TASK ITEM: Exact copy, no pictures: output all the records that follow.

Saved data entries:
○ ○ ○ ○ ○ ○ ○

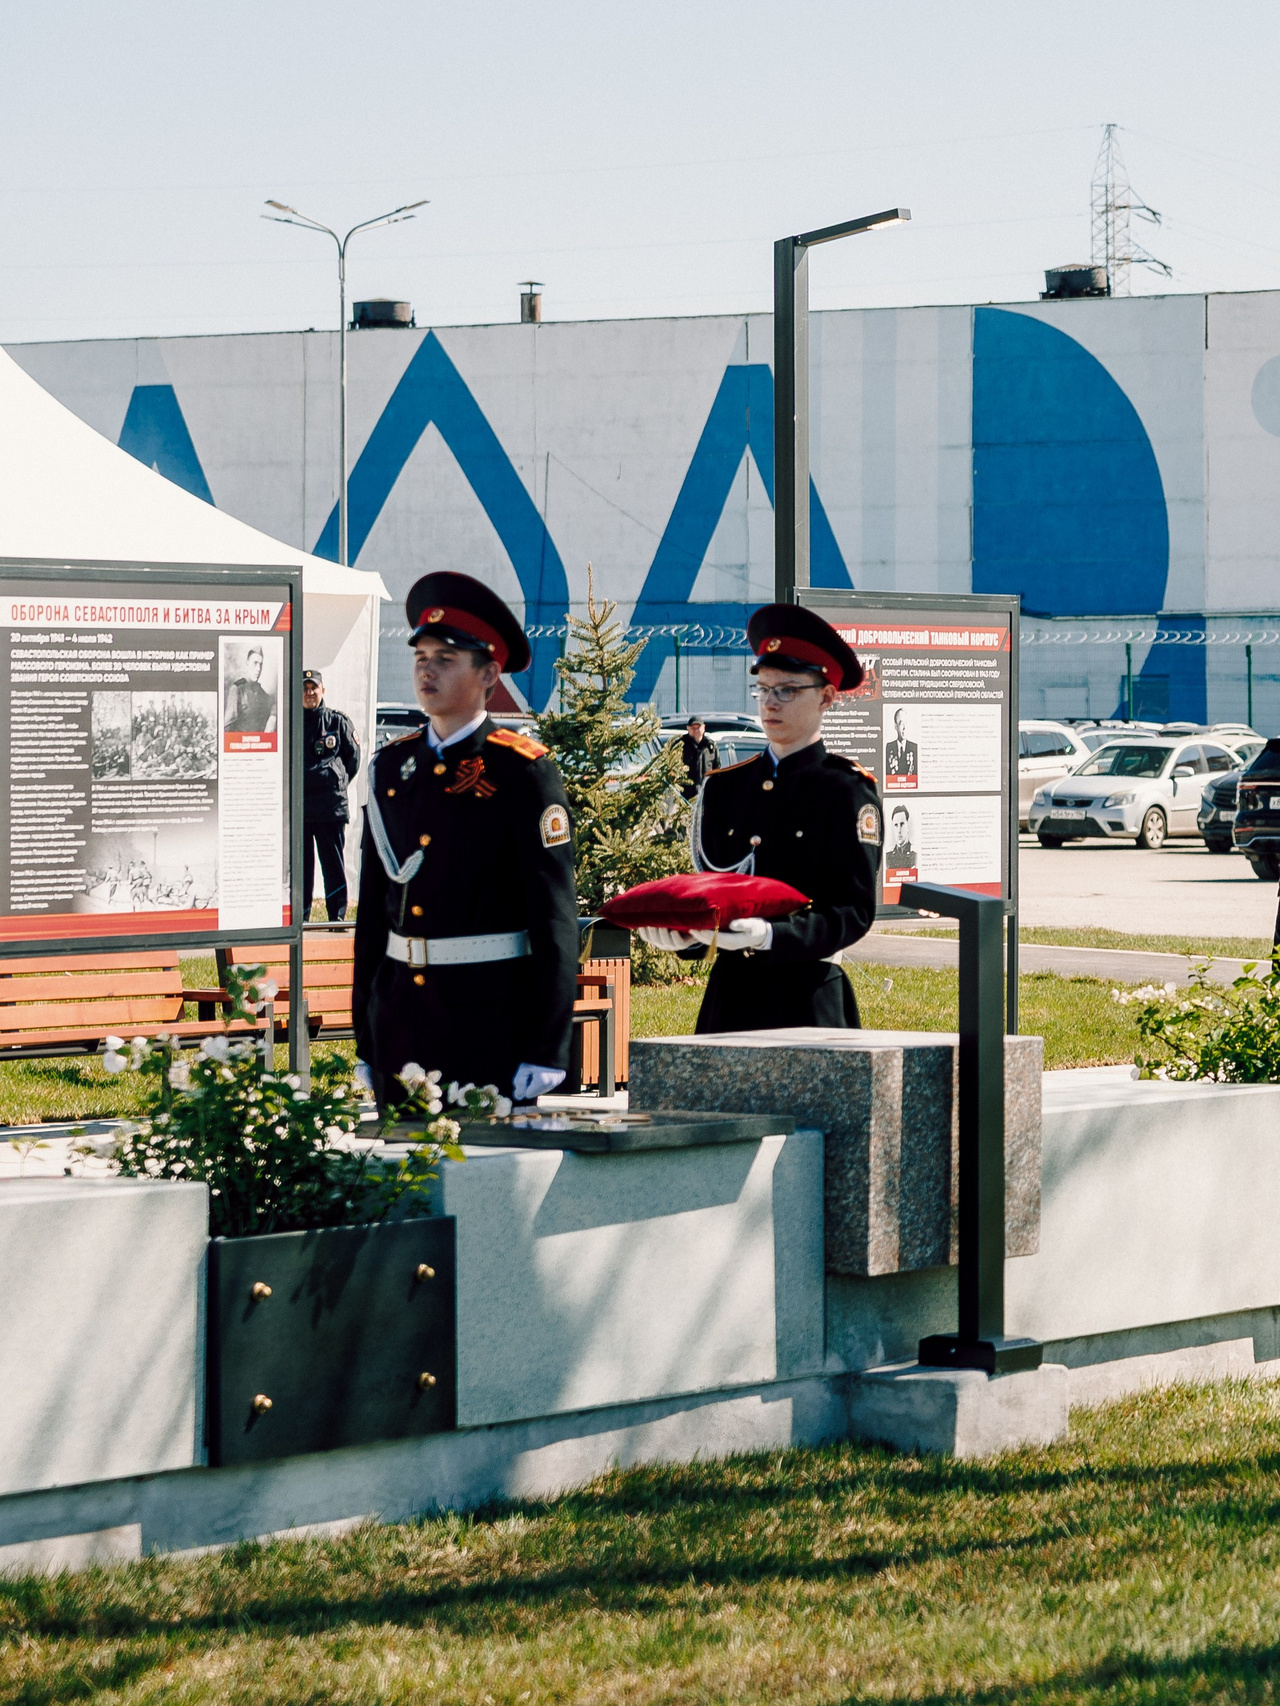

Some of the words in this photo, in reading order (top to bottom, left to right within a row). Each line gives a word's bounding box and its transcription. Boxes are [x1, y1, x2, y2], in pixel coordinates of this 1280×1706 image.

[11, 604, 70, 621] ОБОРОНА
[74, 605, 158, 623] СЕВАСТОПОЛЯ
[163, 607, 170, 623] И
[175, 608, 211, 624] БИТВА
[216, 609, 230, 624] ЗА
[235, 609, 270, 625] КРЫМ
[21, 633, 50, 645] октября
[97, 633, 113, 644] 1942
[857, 630, 929, 645] ДОБРОВОЛЬЧЕСКИЙ
[930, 631, 969, 646] ТАНКОВЫЙ
[970, 632, 999, 646] КОРПУС
[10, 649, 78, 659] СЕВАСТОПОЛЬСКАЯ
[78, 650, 111, 659] ОБОРОНА
[111, 650, 136, 660] ВОШЛА
[142, 650, 175, 660] ИСТОРИЮ
[176, 651, 188, 660] КАК
[188, 651, 215, 660] ПРИМЕР
[10, 661, 54, 670] МАССОВОГО
[122, 662, 152, 671] ЧЕЛОВЕК
[882, 657, 903, 666] ОСОБЫЙ
[903, 658, 929, 666] УРАЛЬСКИЙ
[929, 658, 973, 667] ДОБРОВОЛЬЧЕСКИЙ
[974, 659, 997, 667] ТАНКОВЫЙ
[59, 673, 103, 682] СОВЕТСКОГО
[103, 673, 129, 682] СОЮЗА
[882, 669, 901, 677] КОРПУС
[909, 669, 930, 677] СТАЛИНА
[941, 670, 975, 678] СФОРМИРОВАН
[989, 670, 1000, 679] ГОДУ
[890, 680, 919, 688] ИНИЦИАТИВЕ
[919, 680, 948, 688] ТРУДЯЩИХСЯ
[882, 689, 915, 698] ЧЕЛЯБИНСКОЙ
[980, 690, 1004, 699] ОБЛАСТЕЙ

○ ○ ○ ○ ○ ○ ○

RESPONSE FOR THIS EXERCISE:
Some of the words in this photo, in reading order (top to bottom, left to right within a row). Each line gives a word's bounding box and its transcription. Boxes are [x1, y1, x2, y2], in pixel coordinates of this 1280×1706 image.

[11, 604, 70, 621] ОБОРОНА
[74, 605, 158, 623] СЕВАСТОПОЛЯ
[163, 607, 170, 623] И
[175, 608, 211, 624] БИТВА
[216, 609, 230, 624] ЗА
[235, 609, 270, 625] КРЫМ
[21, 633, 50, 645] октября
[97, 633, 113, 644] 1942
[857, 630, 929, 645] ДОБРОВОЛЬЧЕСКИЙ
[930, 631, 969, 646] ТАНКОВЫЙ
[970, 632, 999, 646] КОРПУС
[10, 649, 78, 659] СЕВАСТОПОЛЬСКАЯ
[78, 650, 111, 659] ОБОРОНА
[111, 650, 136, 660] ВОШЛА
[142, 650, 175, 660] ИСТОРИЮ
[176, 651, 188, 660] КАК
[188, 651, 215, 660] ПРИМЕР
[10, 661, 54, 670] МАССОВОГО
[122, 662, 152, 671] ЧЕЛОВЕК
[882, 657, 903, 666] ОСОБЫЙ
[903, 658, 929, 666] УРАЛЬСКИЙ
[929, 658, 973, 667] ДОБРОВОЛЬЧЕСКИЙ
[974, 659, 997, 667] ТАНКОВЫЙ
[59, 673, 103, 682] СОВЕТСКОГО
[103, 673, 129, 682] СОЮЗА
[882, 669, 901, 677] КОРПУС
[909, 669, 930, 677] СТАЛИНА
[941, 670, 975, 678] СФОРМИРОВАН
[989, 670, 1000, 679] ГОДУ
[890, 680, 919, 688] ИНИЦИАТИВЕ
[919, 680, 948, 688] ТРУДЯЩИХСЯ
[882, 689, 915, 698] ЧЕЛЯБИНСКОЙ
[980, 690, 1004, 699] ОБЛАСТЕЙ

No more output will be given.